Traveler's diarrhea (turista) is characterized by diarrhea, nausea, and vomiting that commonly occur in travelers to areas of the world with poor water purification.
Traveler's diarrhea occurs when people are exposed to bacteria or, less commonly, parasites to which they have had little exposure and thus no immunity. The bacteria (or parasites) are usually acquired from food or water (including water used to wash foods). Traveler's diarrhea occurs mostly in developing countries where the water supply is inadequately treated. The organisms most likely to cause traveler's diarrhea are the types of Escherichia coli (E. coli) that produce certain toxins and some viruses such as norovirus, which has been a particular problem on some cruise ships.
Travelers who avoid drinking local water may still become infected by brushing their teeth with an improperly rinsed toothbrush, drinking bottled drinks with ice made from local water, or eating food that is improperly handled or washed with local water.
Symptoms and Diagnosis
Nausea, vomiting, intestinal rumbling, abdominal cramping, and diarrhea can occur in any combination and with any degree of severity. These symptoms begin 12 to 72 hours after ingesting contaminated food or water. Vomiting, headache, and muscle pain are particularly common in infections caused by norovirus. Most cases are mild and disappear without treatment within 3 to 5 days. Diagnostic tests are rarely needed.

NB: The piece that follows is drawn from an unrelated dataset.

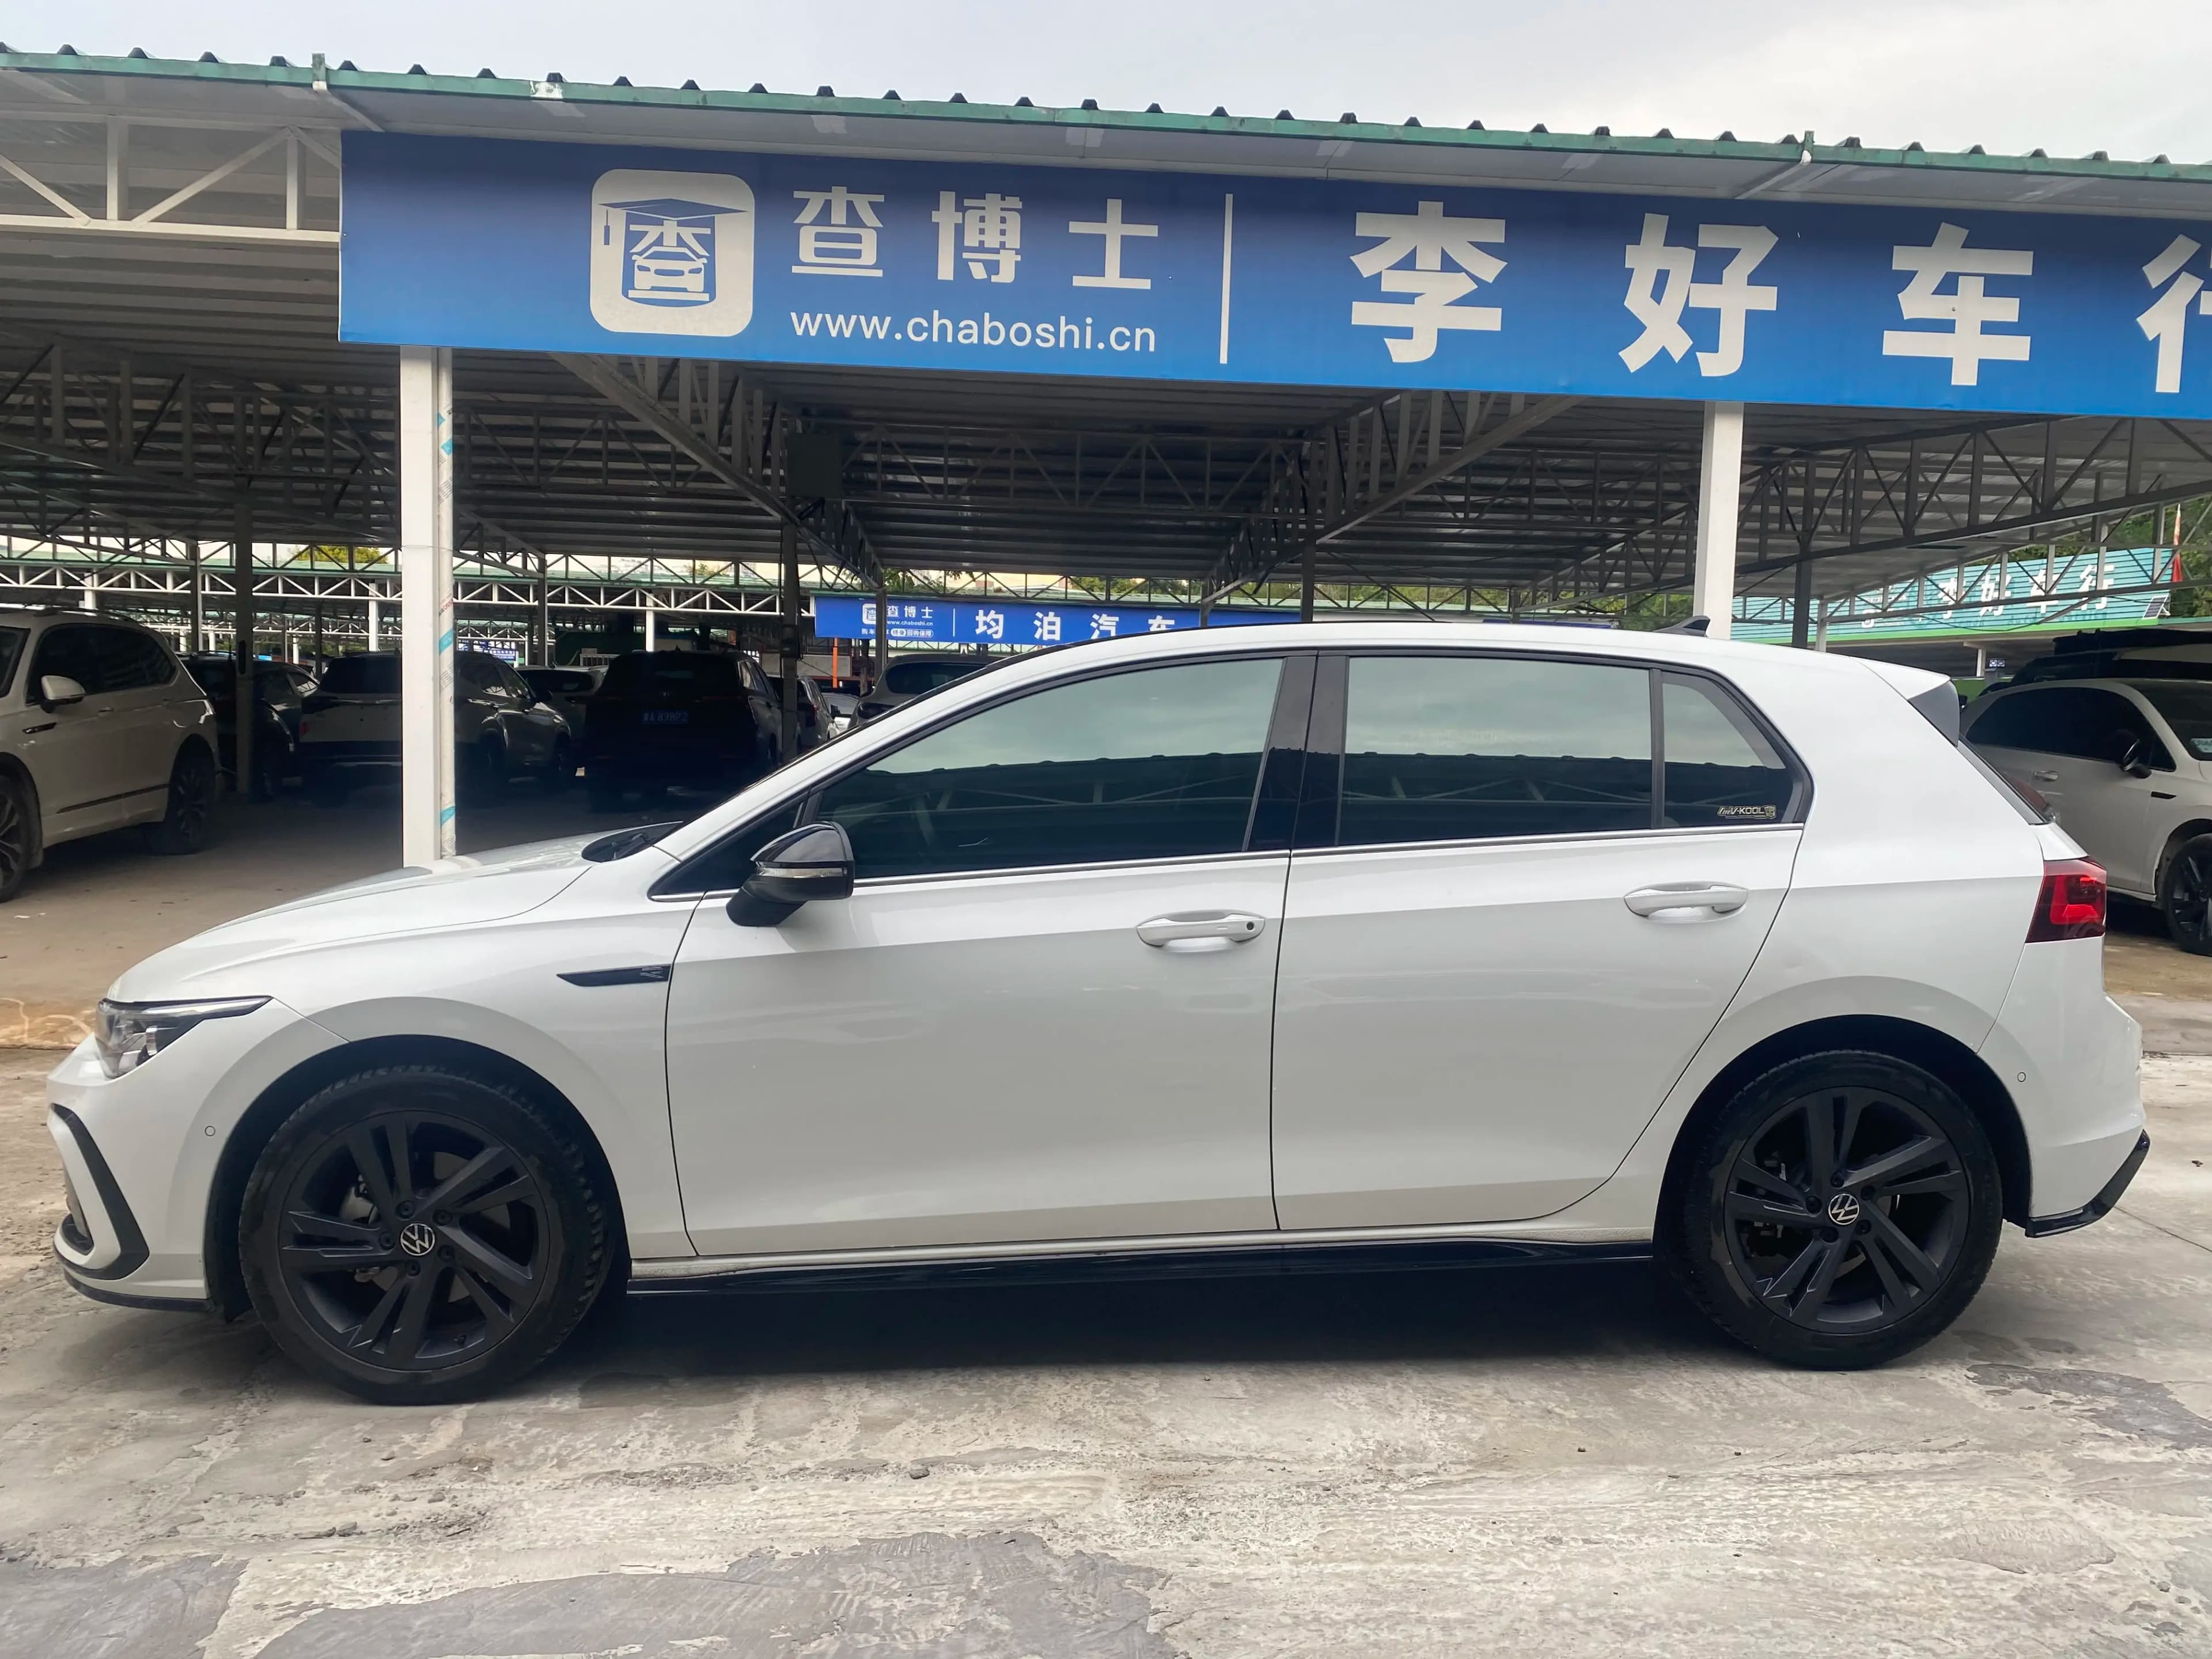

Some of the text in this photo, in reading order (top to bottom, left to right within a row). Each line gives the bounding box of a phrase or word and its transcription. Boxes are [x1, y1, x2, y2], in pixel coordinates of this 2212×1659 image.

[791, 185, 1159, 290] 查博士
[790, 309, 1156, 353] www.chaboshi.cn
[887, 605, 933, 618] 查博士

Travelers should patronize only those restaurants with a reputation for safety and should not consume any food or beverages from street vendors. Cooked foods that are still hot when served are generally safe. Salads containing uncooked vegetables or fruit and salsa left on the table in open containers should be avoided. Any fruit should be peeled by the traveler. Travelers should drink only bottled carbonated beverages or beverages made with water that has been boiled. Even ice cubes should be made with water that has been boiled. Buffets and fast food restaurants pose an increased risk of infection.
Preventive antibiotics are recommended only for people who are particularly susceptible to the consequences of traveler's diarrhea, such as those whose immune system is impaired. The antibiotic most commonly recommended is ciprofloxacin.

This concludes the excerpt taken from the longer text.